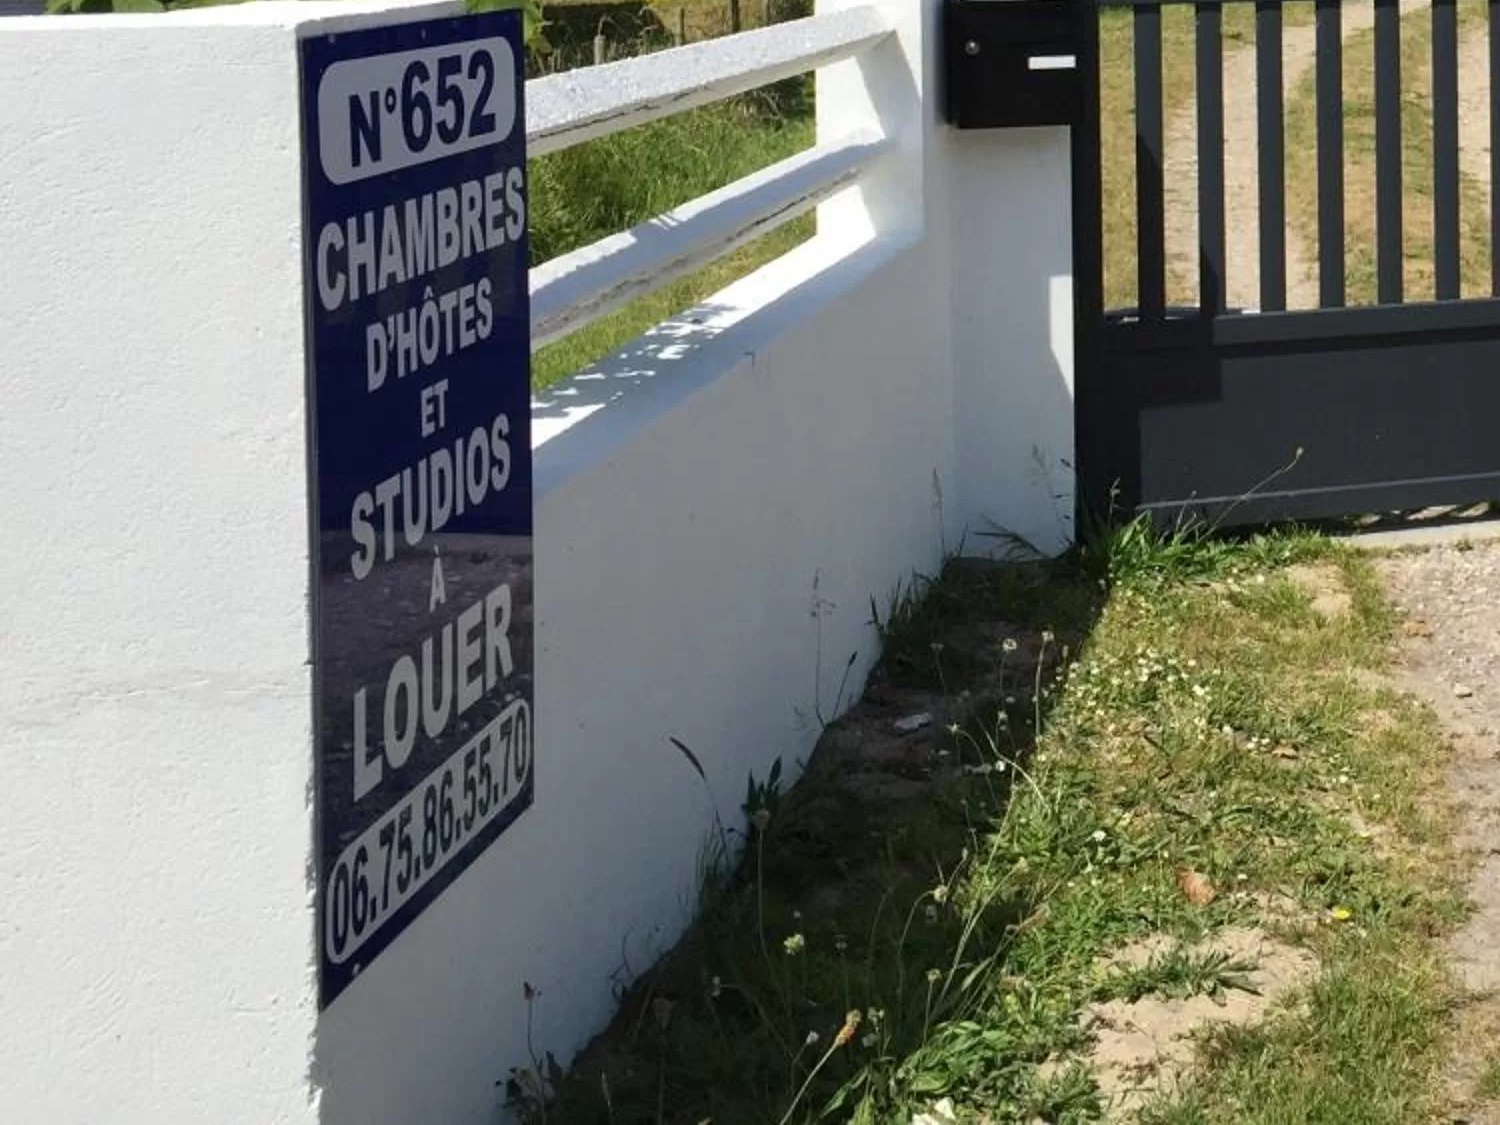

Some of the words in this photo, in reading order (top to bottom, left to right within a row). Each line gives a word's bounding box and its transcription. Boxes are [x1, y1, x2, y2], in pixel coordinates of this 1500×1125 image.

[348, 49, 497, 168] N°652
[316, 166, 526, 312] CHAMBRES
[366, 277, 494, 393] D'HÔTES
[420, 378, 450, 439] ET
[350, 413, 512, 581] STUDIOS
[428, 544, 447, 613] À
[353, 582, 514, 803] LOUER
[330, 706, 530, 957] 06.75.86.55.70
===
YOUR OBJECTIVE
Exactly as written above, print every line of the data but not its pictures.

RESPONSE TO THE TASK
Some of the words in this photo, in reading order (top to bottom, left to right within a row). Each line gives a word's bounding box and its transcription. Boxes are [x1, y1, x2, y2], in pixel coordinates of this 1500×1125 image.

[348, 49, 497, 168] N°652
[316, 166, 526, 312] CHAMBRES
[366, 277, 494, 393] D'HÔTES
[420, 378, 450, 439] ET
[350, 413, 512, 581] STUDIOS
[428, 544, 447, 613] À
[353, 582, 514, 803] LOUER
[330, 706, 530, 957] 06.75.86.55.70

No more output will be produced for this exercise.